There is an unofficial color coding to help understand these sources:
The report said that steam method reformation (SMR), or using natural gas to make the hydrogen, comprises 95% of current production. At the onset of the electric revolution, every color of this rainbow will be needed, as transportation draws only 1% of the U.S. grid’s total electrical output, according to the Lawrence Livermore National Laboratory. In the future, that demand could increase by 800%.
“The argument that hydrogen and electricity are two different horses is really kind of bogus,” offered Rick Mihelic, NACFE’s director of emerging technologies and study team manager. “Because ultimately, electrolysis requires electricity and to create hydrogen, you're going to need electricity – a lot of electricity. And if you want to ramp up hydrogen use for transportation, you're going to have to concurrently ramp up electricity generation.”
While for now, that may include electricity derived from fossil fuels, Mihelic said, “Eventually there's one winner. But that could be quite seriously many, many decades from now.”

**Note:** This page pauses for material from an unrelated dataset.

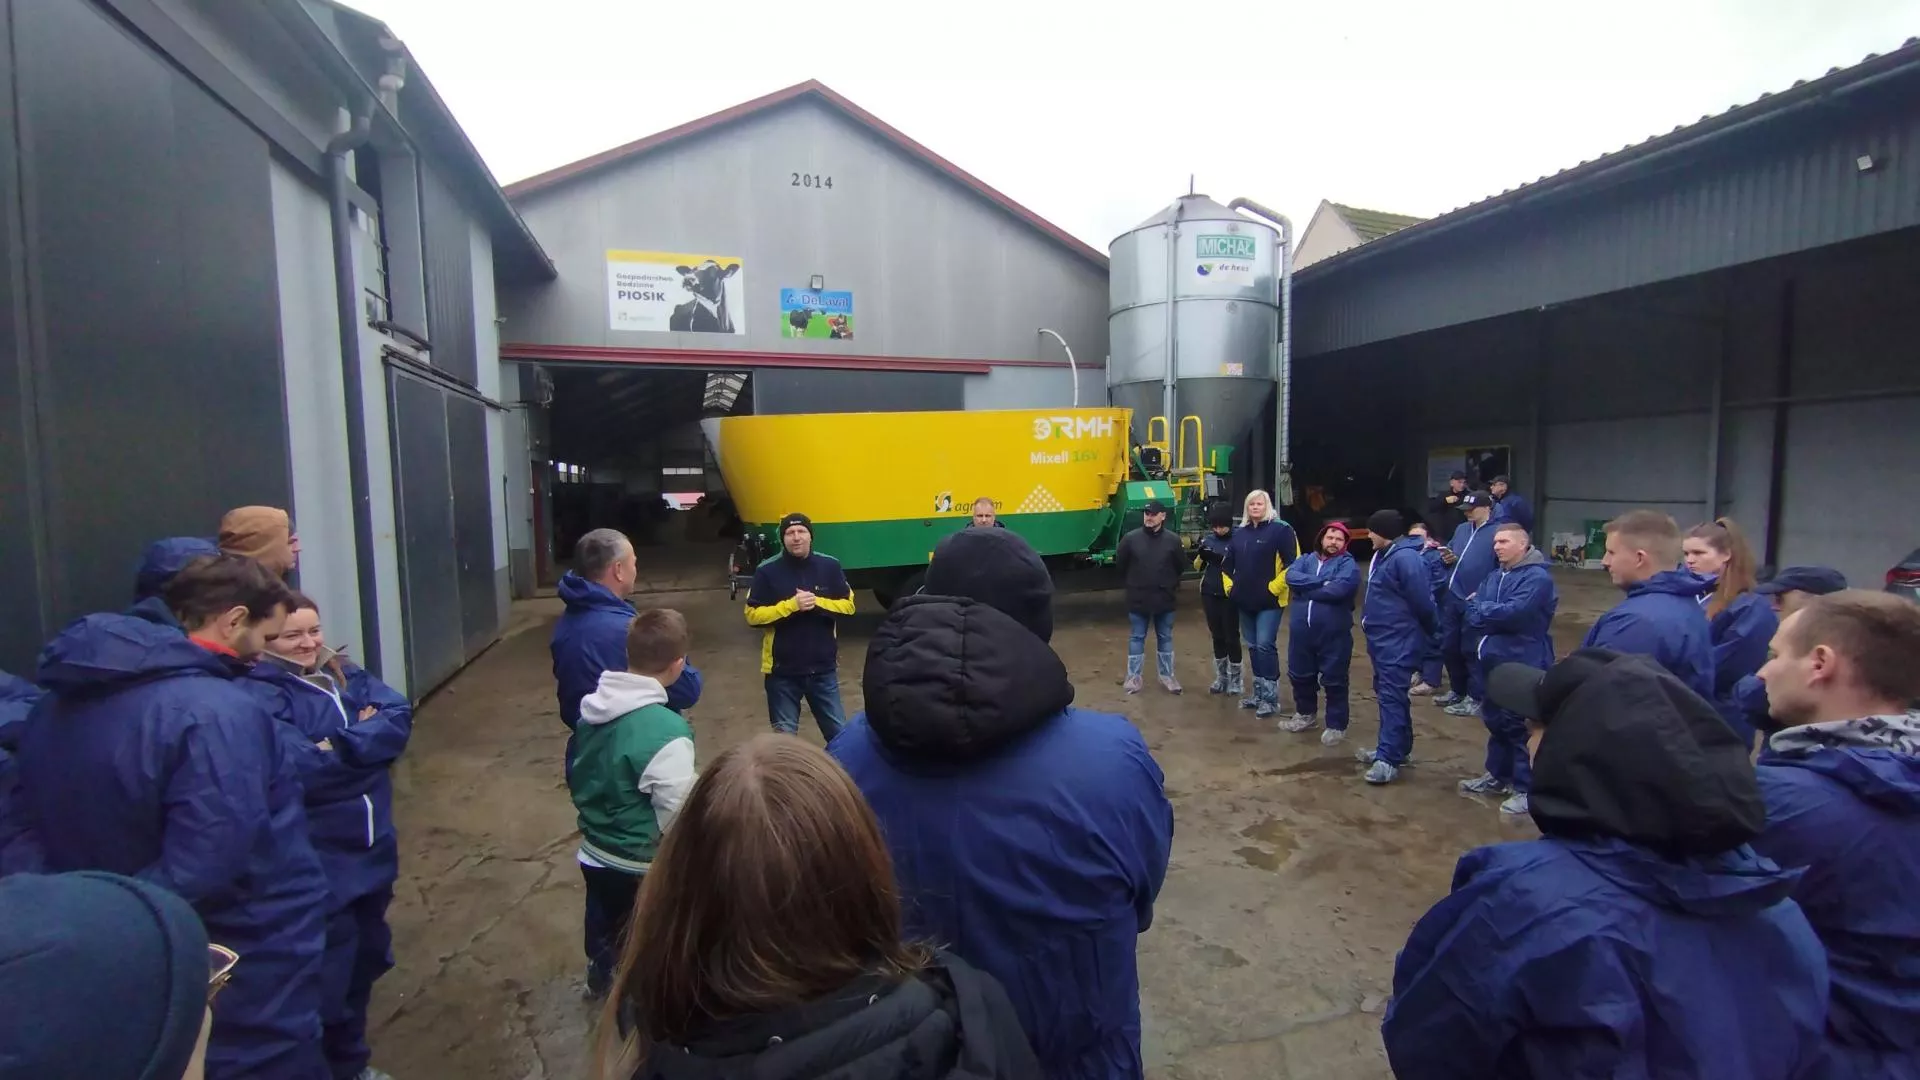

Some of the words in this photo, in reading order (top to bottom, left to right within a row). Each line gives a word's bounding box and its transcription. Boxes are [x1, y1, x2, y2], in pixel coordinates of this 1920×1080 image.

Mihelic did point out FCETs have an edge on BEVs in regards to charging time. “Although battery-electric rapid charging is going to surprise people when they come out with 1MW- and 2MW-level chargers, it's still probably going to be lagging the term time that a hydrogen refilling will take.”
The guidance report also includes various industry voices who offer insights into their section of the giant puzzle.

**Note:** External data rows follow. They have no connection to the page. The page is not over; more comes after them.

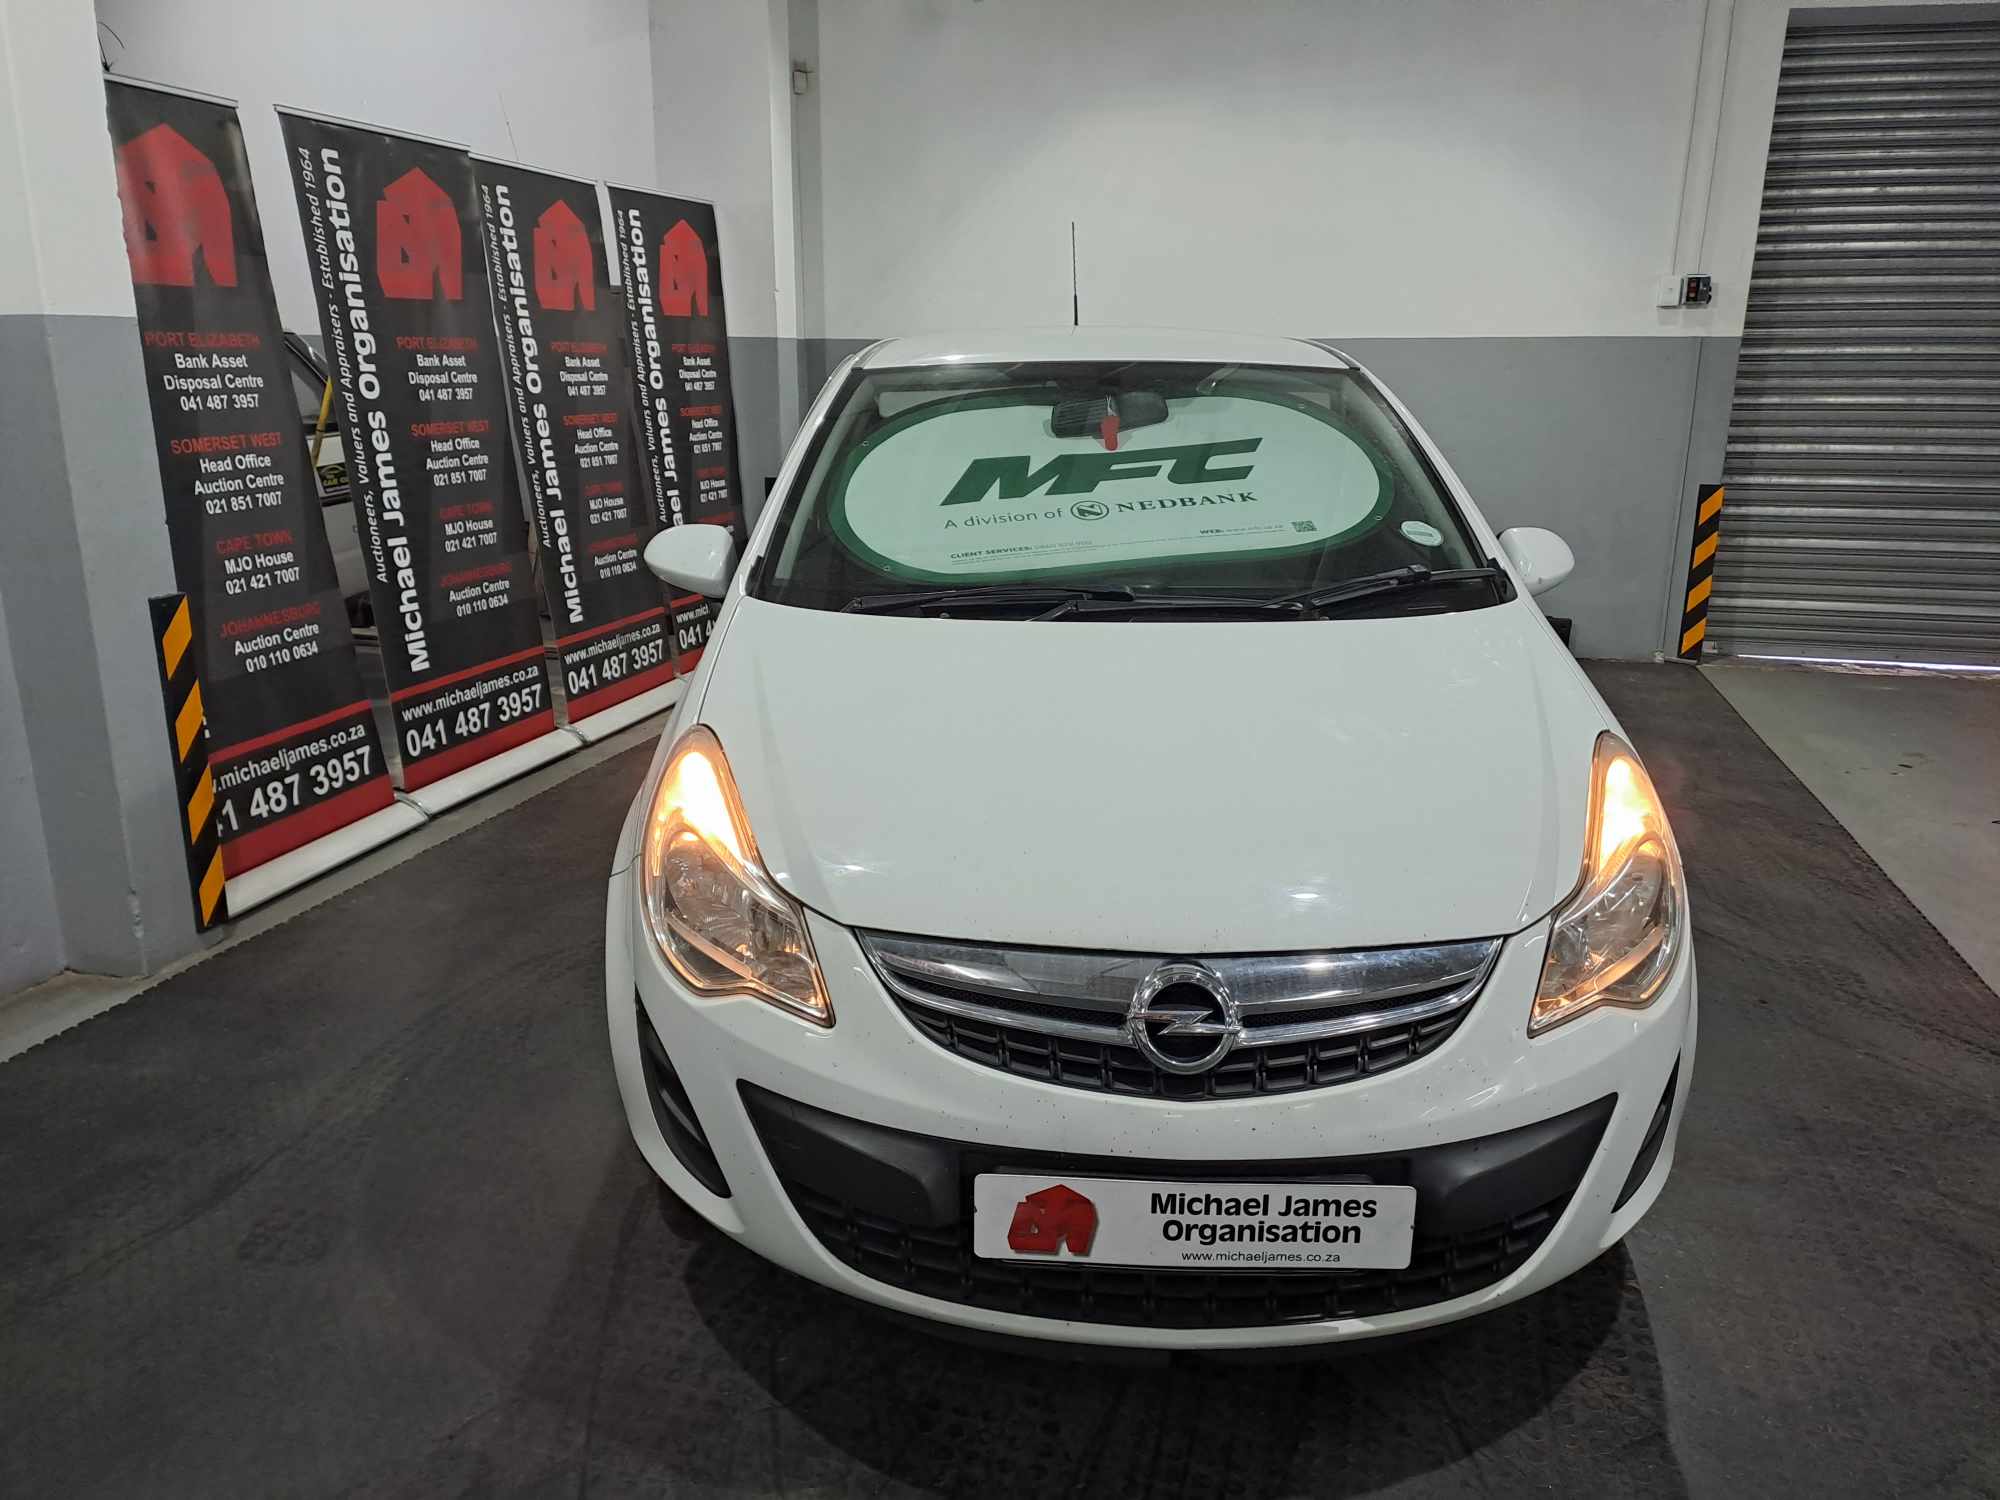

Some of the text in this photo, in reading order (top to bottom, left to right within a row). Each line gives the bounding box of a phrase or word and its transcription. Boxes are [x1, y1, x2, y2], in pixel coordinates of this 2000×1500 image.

[629, 209, 664, 390] Organisation
[144, 331, 184, 347] PORT
[175, 353, 249, 368] Bank Asset
[298, 147, 388, 583] Auctioneers, Valuers and Appraisers Established 1964
[416, 354, 466, 367] Bank Asset
[481, 185, 551, 548] Auctioneers, Valuers and Appraisers Established 1964
[164, 373, 264, 393] Disposal Centre
[408, 371, 478, 387] Disposal Centre
[180, 394, 259, 411] 041 487 3957
[418, 388, 473, 401] 041 487 3957
[496, 185, 583, 623] Michael James Organisation
[321, 148, 430, 672] Michael James Organisation
[171, 432, 282, 454] SOMERSET WEST
[430, 438, 480, 452] Head Office
[575, 443, 598, 454] Auction
[655, 398, 678, 482] James
[200, 454, 271, 473] Head Office
[426, 454, 489, 470] Auction Centre
[939, 437, 1263, 506] MFC
[195, 473, 285, 495] Auction Centre
[433, 469, 487, 486] 021 851 7007
[206, 491, 282, 515] 021 851 7007
[944, 491, 1258, 529] A division of NEDBANK
[444, 519, 493, 535] MJO House
[445, 532, 497, 552] 021 421 7007
[950, 550, 982, 560] CLIENT
[985, 545, 1033, 556] SERVICES:
[224, 551, 294, 574] MJO House
[594, 553, 617, 567] Auction
[225, 567, 300, 595] 021 421 7007
[449, 579, 510, 602] Auction Centre
[456, 593, 509, 617] 010 110 0634
[234, 624, 319, 656] Auction Centre
[564, 623, 661, 665] www.michaeljames.co.za
[679, 624, 702, 649] 041
[245, 640, 318, 673] 010 110 0634
[568, 639, 663, 694] 041 487 3957
[401, 665, 539, 721] www.michaeljames.co.za
[406, 683, 542, 757] 041 487 3957
[250, 773, 300, 818] 487
[310, 745, 370, 795] 3957
[1150, 1192, 1378, 1218] Michael James
[1162, 1219, 1362, 1246] Organisation
[1181, 1250, 1341, 1264] www.michaeljames.co.za

“While hydrogen fuel cell technology is very promising, we know that widespread adoption will take time,” stated Amy Davis, president of New Power Business, Cummins, in the report. “Many factors will influence this, including emissions regulations, infrastructure, hydrogen availability and total costs of ownership. Buses and trains will likely be some of the first applications to transition to hydrogen, with the Hydrogen Council predicting that heavy-duty trucks will fall further out on the curve with about 2.5% of hydrogen adoption in 2030.”

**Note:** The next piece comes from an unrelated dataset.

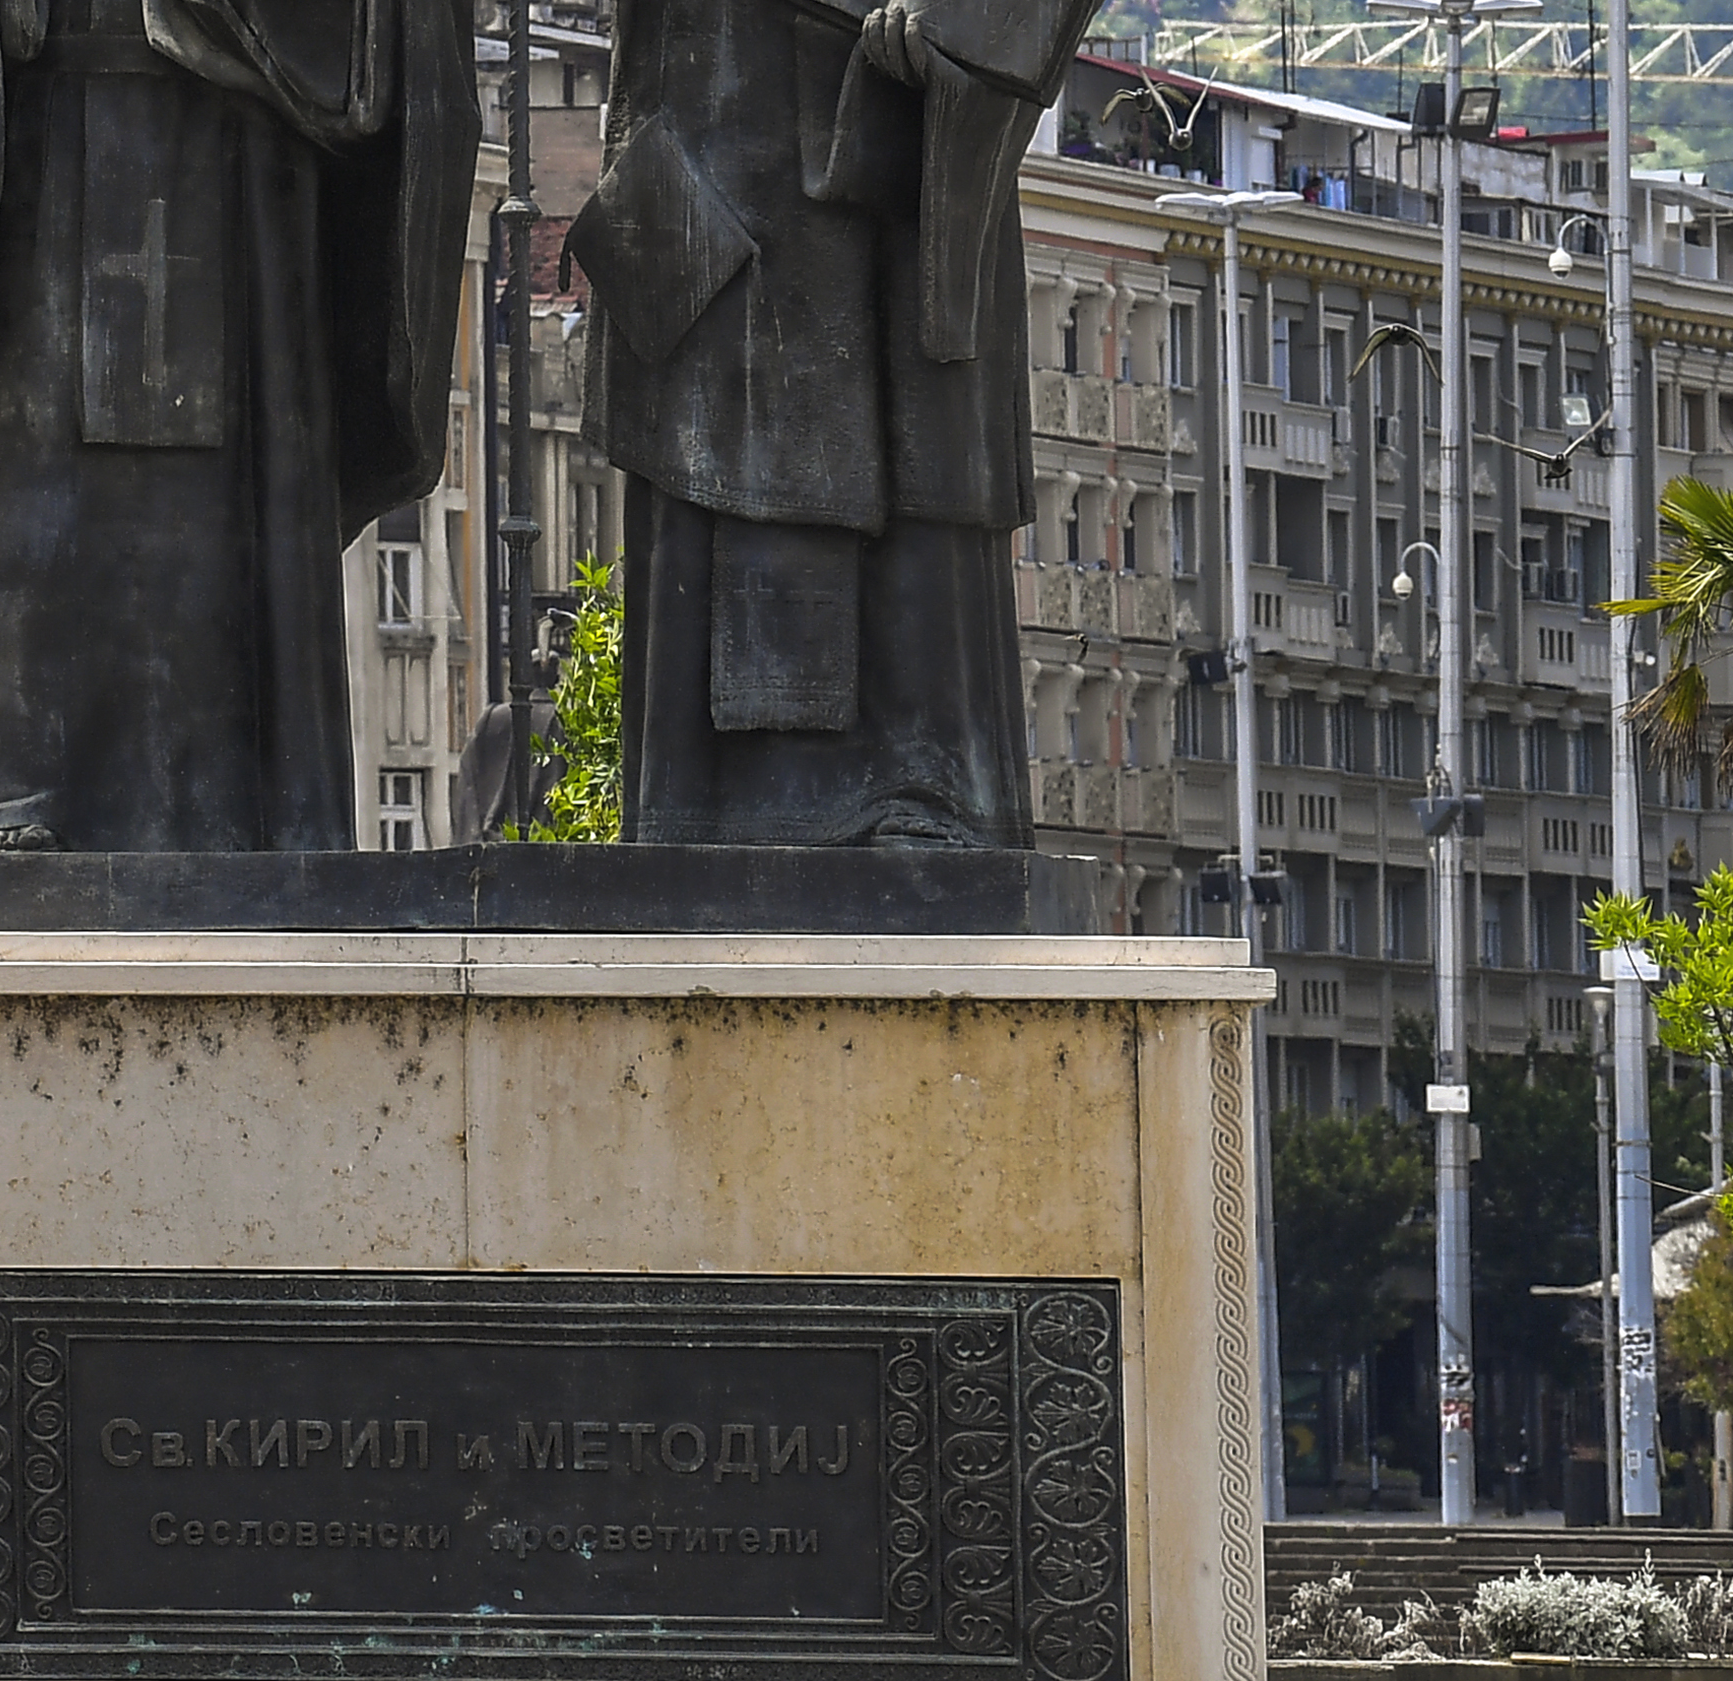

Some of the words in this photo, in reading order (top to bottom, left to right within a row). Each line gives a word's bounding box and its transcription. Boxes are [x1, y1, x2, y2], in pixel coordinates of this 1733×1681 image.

To get to that modest slice of the pie, truck original equipment manufacturers (OEMs) and suppliers have already begun to partner up to reduce the initial cost of innovation and production scaling.
This includes Kenworth and Toyota, Daimler Trucks and Volvo Trucks, and Cummins and Navistar. Toyota Motors North America and Hino could be first on the road next year with a fuel cell version of the Hino XL Class 8 truck.
“Not only are they a good thing, I think they're absolutely necessary if we're going to push this technology through into commercialization,” said Kevin Otto, NACFE's electrification technical lead, of the recent spate of alliances. “Because without those partnerships, none of the individual companies can necessarily support the kind of investment that's necessary to make all that happen.”
Along those lines, one of NACFE’s key recommendations is for stakeholders to remember: “Fleet investment in new fuel cell electric and battery electric vehicles requires vehicles. The debate on infrastructure is irrelevant if there is no demand.”
And here are NACFE’s final conclusions:
• Hydrogen fuel cell trucks are just starting to see real-world use and their adoption is being driven by regional or national considerations that are much bigger than what exists for trucking fleets.
• Battery-electric trucks should be the baseline for HFCEV comparisons, rather than any internal combustion engine alternative.
• As for all alternatives, fleets should optimize the specifications of HFCEVs for the job they should perform while expecting that the trade cycles will lengthen.
• The future acceleration of HFCEVs is likely not about the vehicles or the fueling but more about the creation and distribution of the hydrogen itself.
• Finally, the potential for autonomous fuel cell trucks to operate 24-hours a day adds significant opportunity for making sense of capital and operational investment in hydrogen.